In threshold funding, the minimum reserve balance is set as what?

Explanation:
In threshold funding, the minimum reserve balance is set as a predetermined dollar amount. This creates a fixed cash floor that the organization must maintain, providing a stable and predictable liquidity cushion regardless of fluctuations in operating metrics. A fixed dollar target makes budgeting straightforward and reduces the risk that the reserve level will swing with changes in expenses, revenue, or capacity. It avoids tying the reserve to variables like annual operating expenses, units, or total revenue, which can vary widely and complicate planning. By keeping the reserve as a set dollar figure, the funding system ensures a clear, enforceable minimum that supports financial resilience.
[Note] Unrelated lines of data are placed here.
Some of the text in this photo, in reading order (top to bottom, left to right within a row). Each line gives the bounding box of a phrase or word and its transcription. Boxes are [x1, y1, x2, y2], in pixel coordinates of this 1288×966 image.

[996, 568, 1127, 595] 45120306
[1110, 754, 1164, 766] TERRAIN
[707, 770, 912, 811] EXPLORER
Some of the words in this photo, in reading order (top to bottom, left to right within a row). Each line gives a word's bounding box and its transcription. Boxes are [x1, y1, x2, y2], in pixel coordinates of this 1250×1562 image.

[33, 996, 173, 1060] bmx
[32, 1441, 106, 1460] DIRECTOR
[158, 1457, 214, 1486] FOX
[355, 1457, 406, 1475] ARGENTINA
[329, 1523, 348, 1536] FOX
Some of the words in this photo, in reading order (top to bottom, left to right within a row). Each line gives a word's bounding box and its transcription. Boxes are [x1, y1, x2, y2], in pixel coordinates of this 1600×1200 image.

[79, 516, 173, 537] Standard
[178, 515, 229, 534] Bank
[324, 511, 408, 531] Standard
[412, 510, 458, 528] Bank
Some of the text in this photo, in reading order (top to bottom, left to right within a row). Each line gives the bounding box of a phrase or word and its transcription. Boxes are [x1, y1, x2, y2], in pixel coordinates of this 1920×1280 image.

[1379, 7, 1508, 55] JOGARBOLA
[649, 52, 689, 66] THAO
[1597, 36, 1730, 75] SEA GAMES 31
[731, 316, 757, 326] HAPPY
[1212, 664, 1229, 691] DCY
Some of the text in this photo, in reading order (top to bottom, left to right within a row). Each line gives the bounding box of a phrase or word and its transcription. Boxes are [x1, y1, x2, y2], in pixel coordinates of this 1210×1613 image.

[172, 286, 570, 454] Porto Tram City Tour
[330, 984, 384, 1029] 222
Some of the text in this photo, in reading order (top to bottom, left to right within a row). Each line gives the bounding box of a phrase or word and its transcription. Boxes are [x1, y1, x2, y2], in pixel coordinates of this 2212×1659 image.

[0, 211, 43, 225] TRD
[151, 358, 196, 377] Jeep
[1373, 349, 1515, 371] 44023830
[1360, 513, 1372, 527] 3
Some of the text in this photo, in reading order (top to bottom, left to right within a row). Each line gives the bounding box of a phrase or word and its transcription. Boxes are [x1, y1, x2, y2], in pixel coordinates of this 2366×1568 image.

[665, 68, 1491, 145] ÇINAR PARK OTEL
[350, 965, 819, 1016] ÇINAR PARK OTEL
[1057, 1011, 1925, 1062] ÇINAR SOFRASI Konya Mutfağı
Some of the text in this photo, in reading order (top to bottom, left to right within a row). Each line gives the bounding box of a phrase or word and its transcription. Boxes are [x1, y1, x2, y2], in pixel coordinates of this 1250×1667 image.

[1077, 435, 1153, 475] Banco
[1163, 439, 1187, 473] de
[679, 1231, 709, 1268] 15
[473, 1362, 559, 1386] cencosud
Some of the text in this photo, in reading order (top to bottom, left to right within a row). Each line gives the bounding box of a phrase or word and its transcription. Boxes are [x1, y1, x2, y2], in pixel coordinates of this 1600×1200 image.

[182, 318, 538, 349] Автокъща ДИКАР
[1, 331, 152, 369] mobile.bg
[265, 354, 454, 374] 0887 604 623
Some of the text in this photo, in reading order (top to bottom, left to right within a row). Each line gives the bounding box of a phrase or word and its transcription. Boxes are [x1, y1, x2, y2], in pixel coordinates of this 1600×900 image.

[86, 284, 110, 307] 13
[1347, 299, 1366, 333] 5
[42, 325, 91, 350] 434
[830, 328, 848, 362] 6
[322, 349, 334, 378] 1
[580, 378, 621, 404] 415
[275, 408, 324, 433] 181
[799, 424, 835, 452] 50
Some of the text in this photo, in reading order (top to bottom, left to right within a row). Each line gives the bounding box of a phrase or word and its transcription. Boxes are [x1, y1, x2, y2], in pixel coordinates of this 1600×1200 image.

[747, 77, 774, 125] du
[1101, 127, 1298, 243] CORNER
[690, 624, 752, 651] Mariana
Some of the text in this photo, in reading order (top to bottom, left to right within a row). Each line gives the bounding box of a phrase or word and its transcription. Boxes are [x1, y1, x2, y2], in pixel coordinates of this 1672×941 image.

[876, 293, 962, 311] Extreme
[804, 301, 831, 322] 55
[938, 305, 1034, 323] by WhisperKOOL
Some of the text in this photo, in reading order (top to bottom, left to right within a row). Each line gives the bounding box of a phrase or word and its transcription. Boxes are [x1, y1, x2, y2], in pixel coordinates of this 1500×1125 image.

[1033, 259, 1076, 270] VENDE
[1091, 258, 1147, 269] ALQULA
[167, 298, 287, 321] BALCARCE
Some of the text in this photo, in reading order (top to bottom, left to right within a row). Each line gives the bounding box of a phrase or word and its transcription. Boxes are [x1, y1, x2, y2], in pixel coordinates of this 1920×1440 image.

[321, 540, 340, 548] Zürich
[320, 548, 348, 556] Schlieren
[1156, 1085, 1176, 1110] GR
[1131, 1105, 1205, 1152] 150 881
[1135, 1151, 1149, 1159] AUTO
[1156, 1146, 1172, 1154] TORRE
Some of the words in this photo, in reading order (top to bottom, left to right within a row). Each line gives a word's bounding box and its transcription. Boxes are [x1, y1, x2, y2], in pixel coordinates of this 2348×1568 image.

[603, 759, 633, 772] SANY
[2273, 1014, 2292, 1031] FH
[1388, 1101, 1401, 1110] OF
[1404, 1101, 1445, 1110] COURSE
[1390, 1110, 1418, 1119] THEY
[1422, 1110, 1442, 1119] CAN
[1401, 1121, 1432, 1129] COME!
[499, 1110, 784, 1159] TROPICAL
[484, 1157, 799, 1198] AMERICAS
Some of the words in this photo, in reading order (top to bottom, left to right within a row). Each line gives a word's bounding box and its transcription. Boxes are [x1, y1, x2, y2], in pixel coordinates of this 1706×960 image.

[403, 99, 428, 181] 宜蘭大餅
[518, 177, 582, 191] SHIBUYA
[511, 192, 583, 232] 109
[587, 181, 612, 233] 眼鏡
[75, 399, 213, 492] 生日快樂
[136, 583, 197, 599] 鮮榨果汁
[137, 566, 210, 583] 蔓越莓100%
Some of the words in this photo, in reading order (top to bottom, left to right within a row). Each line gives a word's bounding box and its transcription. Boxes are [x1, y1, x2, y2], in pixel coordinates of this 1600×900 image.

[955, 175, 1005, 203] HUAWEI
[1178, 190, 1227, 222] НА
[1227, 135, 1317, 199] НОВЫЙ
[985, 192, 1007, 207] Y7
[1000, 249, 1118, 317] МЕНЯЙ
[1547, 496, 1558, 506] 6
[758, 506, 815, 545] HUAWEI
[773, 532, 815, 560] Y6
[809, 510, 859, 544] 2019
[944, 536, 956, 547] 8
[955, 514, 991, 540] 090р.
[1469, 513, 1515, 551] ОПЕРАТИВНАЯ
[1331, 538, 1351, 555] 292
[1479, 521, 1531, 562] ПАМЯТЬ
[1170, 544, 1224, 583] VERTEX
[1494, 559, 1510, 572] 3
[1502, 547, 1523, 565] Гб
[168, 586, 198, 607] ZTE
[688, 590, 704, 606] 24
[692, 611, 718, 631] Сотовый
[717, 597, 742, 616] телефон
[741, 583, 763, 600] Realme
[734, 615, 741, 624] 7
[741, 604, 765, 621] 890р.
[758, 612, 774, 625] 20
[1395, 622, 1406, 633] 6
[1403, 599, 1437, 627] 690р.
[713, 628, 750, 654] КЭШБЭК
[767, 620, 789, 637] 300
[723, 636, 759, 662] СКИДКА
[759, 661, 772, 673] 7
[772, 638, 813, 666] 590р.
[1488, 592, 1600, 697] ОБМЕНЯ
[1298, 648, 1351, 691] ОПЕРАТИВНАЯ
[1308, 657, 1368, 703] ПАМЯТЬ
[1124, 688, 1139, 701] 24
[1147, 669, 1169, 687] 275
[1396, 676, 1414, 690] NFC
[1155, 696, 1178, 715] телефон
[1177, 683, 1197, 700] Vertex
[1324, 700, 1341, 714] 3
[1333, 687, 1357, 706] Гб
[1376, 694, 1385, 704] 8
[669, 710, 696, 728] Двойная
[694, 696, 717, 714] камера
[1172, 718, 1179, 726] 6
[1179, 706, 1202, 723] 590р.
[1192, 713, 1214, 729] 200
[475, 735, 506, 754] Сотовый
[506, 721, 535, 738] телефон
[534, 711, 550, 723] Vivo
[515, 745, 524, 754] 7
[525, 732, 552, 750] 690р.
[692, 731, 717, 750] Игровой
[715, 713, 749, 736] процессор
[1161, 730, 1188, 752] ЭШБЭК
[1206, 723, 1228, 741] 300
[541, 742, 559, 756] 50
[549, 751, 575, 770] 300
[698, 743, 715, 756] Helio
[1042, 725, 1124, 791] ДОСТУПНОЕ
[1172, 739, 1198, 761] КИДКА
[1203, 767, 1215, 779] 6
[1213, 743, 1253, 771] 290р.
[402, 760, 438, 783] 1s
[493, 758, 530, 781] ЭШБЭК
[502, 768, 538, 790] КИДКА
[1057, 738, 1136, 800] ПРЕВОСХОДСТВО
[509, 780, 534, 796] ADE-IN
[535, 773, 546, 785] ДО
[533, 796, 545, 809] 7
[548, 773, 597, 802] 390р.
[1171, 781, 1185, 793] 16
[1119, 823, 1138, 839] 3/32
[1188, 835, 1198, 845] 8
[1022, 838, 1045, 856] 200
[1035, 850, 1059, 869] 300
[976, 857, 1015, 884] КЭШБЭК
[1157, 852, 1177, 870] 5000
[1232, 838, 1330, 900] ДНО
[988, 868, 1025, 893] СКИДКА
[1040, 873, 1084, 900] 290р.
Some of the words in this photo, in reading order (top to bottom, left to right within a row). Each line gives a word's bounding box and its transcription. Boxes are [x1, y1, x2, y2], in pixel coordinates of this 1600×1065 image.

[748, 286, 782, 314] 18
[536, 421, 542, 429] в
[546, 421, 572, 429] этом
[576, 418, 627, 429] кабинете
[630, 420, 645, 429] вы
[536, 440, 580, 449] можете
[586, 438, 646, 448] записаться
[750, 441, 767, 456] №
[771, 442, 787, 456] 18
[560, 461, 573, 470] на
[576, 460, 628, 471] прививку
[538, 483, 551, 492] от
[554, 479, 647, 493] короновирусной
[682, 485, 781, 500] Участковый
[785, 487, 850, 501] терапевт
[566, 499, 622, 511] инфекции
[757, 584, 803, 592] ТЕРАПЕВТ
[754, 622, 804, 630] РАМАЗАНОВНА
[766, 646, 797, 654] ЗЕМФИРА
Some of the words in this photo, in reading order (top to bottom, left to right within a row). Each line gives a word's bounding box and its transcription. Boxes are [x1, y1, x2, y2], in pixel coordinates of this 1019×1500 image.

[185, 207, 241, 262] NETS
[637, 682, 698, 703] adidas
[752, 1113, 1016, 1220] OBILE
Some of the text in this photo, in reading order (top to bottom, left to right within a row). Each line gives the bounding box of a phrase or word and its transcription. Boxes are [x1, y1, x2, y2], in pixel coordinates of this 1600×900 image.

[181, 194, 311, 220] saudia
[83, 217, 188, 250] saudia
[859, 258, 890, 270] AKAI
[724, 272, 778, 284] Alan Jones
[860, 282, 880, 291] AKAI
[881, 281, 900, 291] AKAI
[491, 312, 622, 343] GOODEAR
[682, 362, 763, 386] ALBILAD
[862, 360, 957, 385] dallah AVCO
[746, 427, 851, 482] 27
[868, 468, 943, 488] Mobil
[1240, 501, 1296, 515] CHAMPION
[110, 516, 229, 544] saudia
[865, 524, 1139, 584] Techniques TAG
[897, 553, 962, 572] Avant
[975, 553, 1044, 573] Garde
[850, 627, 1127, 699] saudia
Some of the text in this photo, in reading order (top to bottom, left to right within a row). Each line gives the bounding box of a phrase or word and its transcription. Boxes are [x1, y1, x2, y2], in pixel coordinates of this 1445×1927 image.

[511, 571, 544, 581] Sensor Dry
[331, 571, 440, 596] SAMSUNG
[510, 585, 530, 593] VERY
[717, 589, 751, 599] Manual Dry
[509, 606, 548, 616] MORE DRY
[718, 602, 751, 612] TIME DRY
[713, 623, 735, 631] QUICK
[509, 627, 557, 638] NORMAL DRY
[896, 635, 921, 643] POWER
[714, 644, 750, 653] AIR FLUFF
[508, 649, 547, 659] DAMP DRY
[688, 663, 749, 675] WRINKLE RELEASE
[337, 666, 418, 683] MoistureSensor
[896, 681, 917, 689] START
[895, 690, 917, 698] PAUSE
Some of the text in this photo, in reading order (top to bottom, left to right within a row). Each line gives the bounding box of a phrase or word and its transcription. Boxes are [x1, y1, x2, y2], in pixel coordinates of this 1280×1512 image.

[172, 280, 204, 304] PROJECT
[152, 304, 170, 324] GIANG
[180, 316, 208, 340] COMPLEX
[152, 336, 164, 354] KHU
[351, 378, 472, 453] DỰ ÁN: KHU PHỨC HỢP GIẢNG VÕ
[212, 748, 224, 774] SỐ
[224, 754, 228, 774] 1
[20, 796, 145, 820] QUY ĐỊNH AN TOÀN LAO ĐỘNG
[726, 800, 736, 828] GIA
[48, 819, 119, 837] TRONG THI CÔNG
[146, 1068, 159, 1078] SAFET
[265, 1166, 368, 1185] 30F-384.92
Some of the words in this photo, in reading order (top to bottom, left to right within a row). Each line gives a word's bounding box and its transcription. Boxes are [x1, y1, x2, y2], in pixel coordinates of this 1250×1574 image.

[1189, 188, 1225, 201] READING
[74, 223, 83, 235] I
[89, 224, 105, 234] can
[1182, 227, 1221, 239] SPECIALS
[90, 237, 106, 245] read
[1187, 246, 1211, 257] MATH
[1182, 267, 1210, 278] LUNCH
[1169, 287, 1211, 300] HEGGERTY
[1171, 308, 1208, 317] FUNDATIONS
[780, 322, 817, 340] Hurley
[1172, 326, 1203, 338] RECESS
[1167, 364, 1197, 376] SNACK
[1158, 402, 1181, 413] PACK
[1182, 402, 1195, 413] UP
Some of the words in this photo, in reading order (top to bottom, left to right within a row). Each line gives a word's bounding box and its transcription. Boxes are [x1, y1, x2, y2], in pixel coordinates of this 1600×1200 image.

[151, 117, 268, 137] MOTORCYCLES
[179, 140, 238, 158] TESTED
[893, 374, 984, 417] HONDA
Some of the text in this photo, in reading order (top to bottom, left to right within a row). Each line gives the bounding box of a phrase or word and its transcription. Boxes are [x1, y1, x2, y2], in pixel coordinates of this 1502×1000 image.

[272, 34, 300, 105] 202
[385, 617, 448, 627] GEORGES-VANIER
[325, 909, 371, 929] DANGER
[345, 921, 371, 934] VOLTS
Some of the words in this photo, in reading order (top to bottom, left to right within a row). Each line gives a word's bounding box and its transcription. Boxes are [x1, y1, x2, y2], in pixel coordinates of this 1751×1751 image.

In threshold funding, the minimum reserve balance is set as a predetermined dollar amount. This creates a fixed cash floor that the organization must maintain, providing a stable and predictable liquidity cushion regardless of fluctuations in operating metrics. A fixed dollar target makes budgeting straightforward and reduces the risk that the reserve level will swing with changes in expenses, revenue, or capacity. It avoids tying the reserve to variables like annual operating expenses, units, or total revenue, which can vary widely and complicate planning. By keeping the reserve as a set dollar figure, the funding system ensures a clear, enforceable minimum that supports financial resilience.